#### [WORK INSTRUCTION]
Make an exact copy of the entries below with the pictures removed.

#### [STUDY MATERIAL]

————————

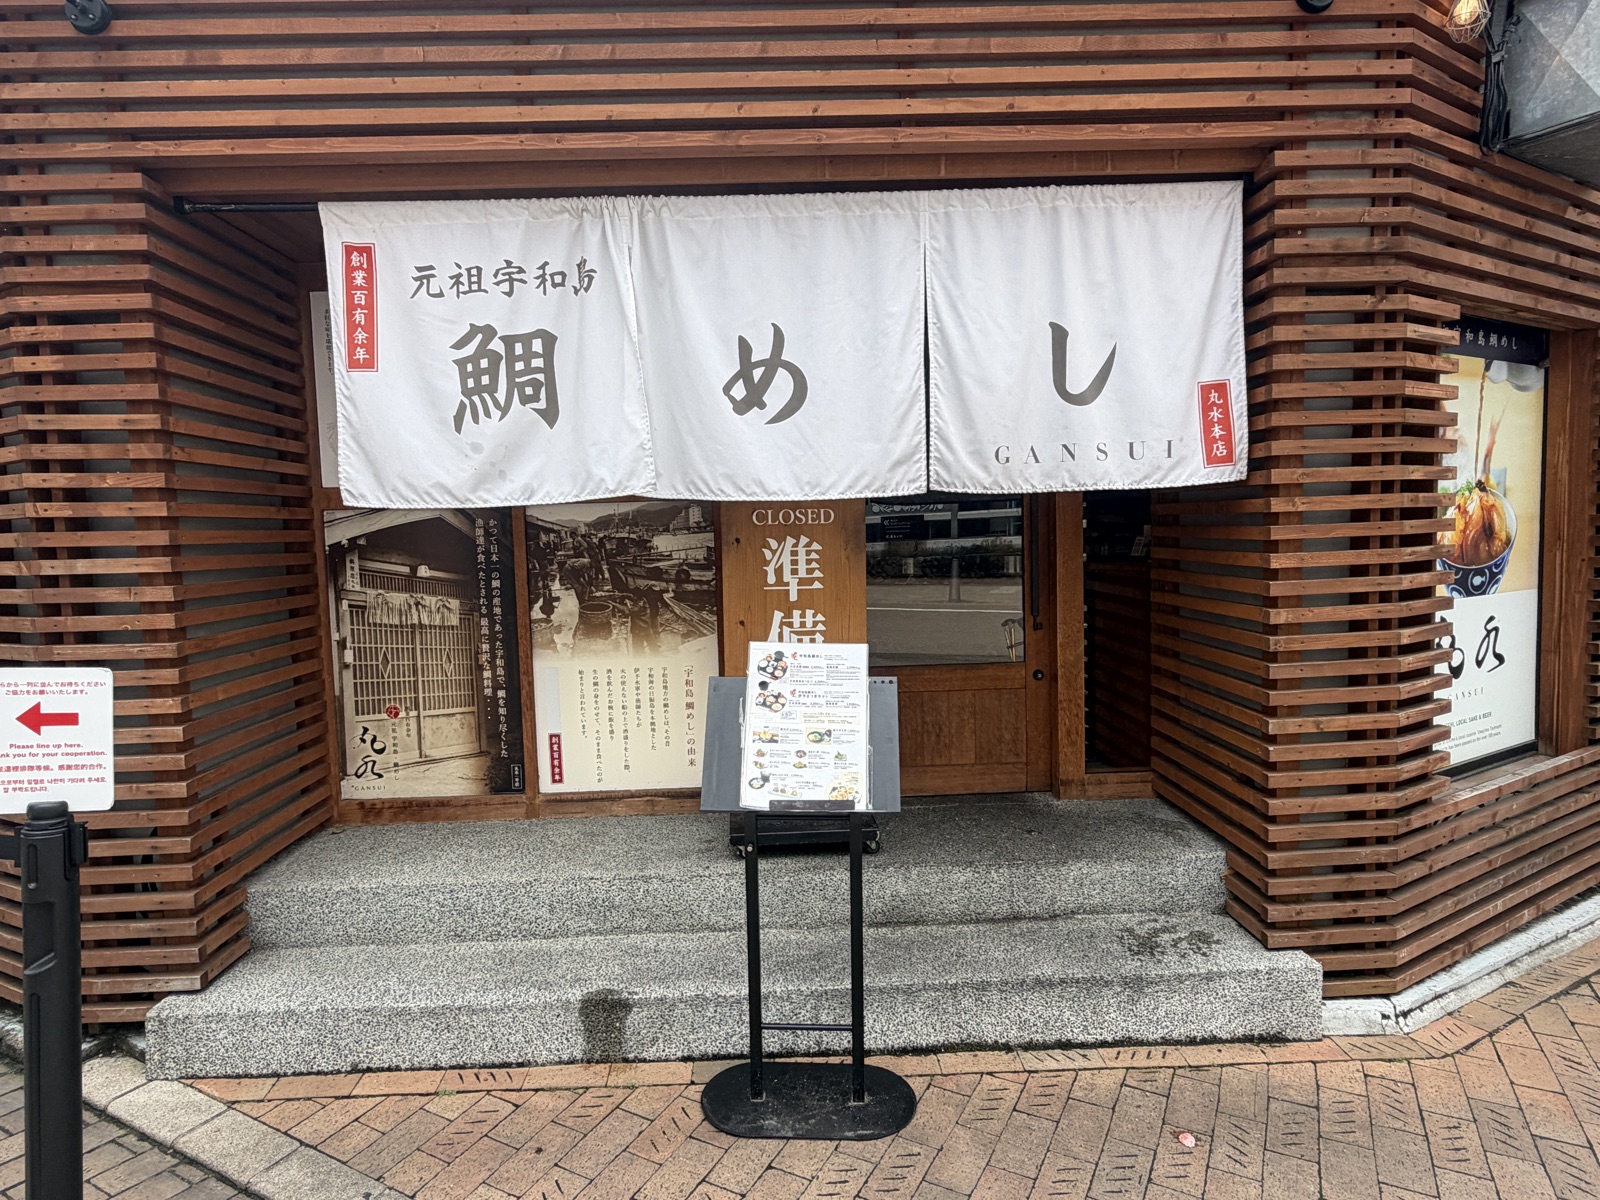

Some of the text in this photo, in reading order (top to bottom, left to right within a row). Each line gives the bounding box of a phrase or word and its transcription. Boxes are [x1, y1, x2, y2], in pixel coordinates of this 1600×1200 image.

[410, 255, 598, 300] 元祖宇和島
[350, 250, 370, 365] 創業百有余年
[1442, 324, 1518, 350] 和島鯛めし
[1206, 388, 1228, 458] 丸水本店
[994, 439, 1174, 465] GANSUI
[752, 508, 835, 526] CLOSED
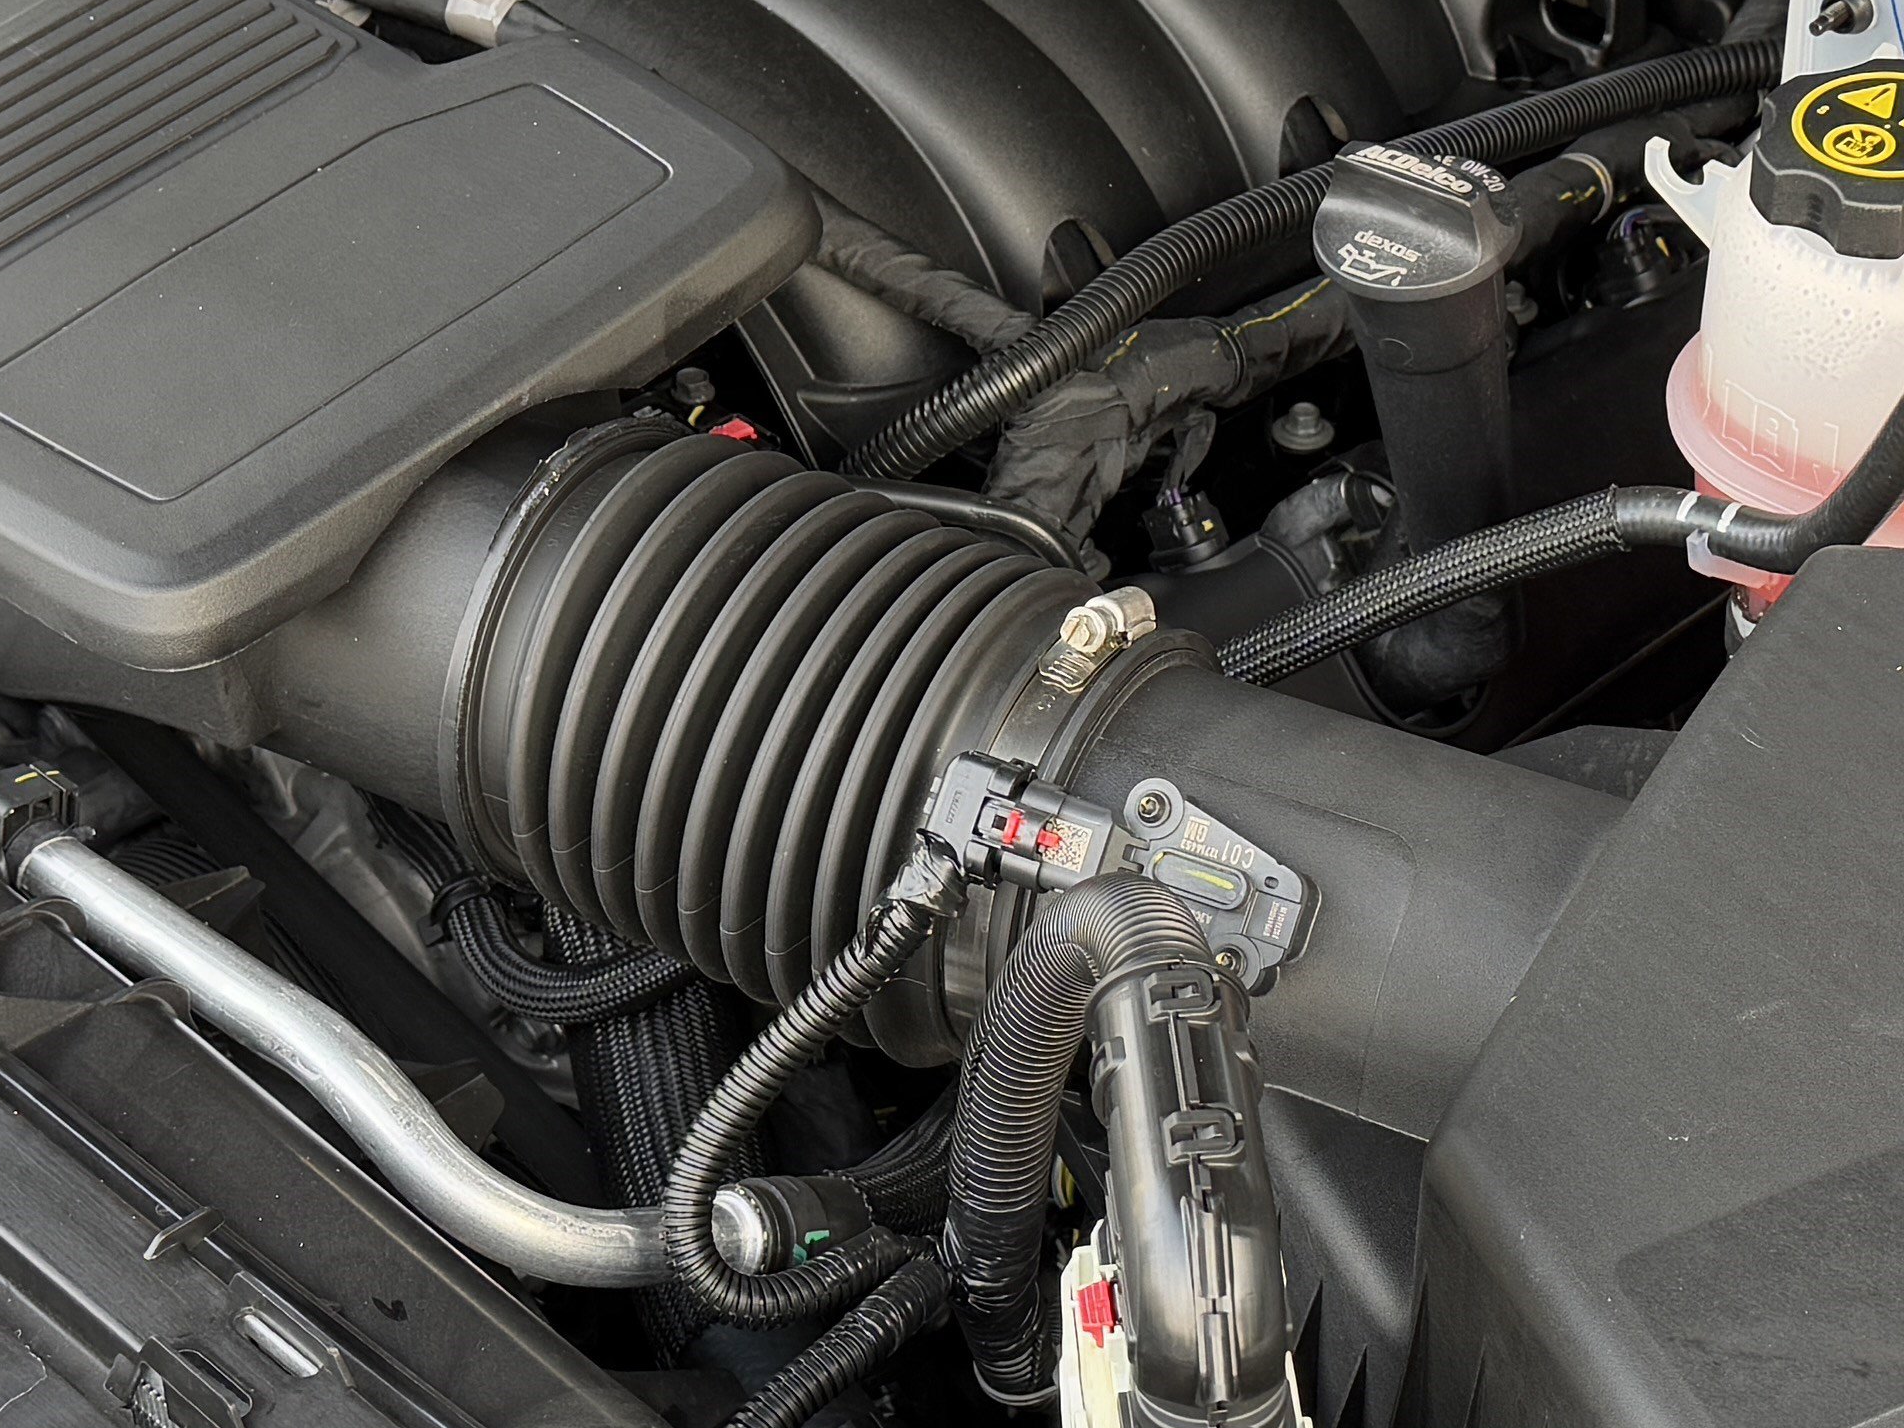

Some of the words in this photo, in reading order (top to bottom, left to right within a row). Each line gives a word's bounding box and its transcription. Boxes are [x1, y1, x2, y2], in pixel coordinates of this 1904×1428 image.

————————

#### [WRITTEN ANSWER]
Some of the text in this photo, in reading order (top to bottom, left to right within a row). Each line gives the bounding box of a phrase or word and its transcription. Boxes are [x1, y1, x2, y2], in pixel coordinates of this 1600×1200 image.

[410, 255, 598, 300] 元祖宇和島
[350, 250, 370, 365] 創業百有余年
[1442, 324, 1518, 350] 和島鯛めし
[1206, 388, 1228, 458] 丸水本店
[994, 439, 1174, 465] GANSUI
[752, 508, 835, 526] CLOSED

Some of the words in this photo, in reading order (top to bottom, left to right within a row). Each line gives a word's bounding box and its transcription. Boxes are [x1, y1, x2, y2], in pixel coordinates of this 1904×1428 image.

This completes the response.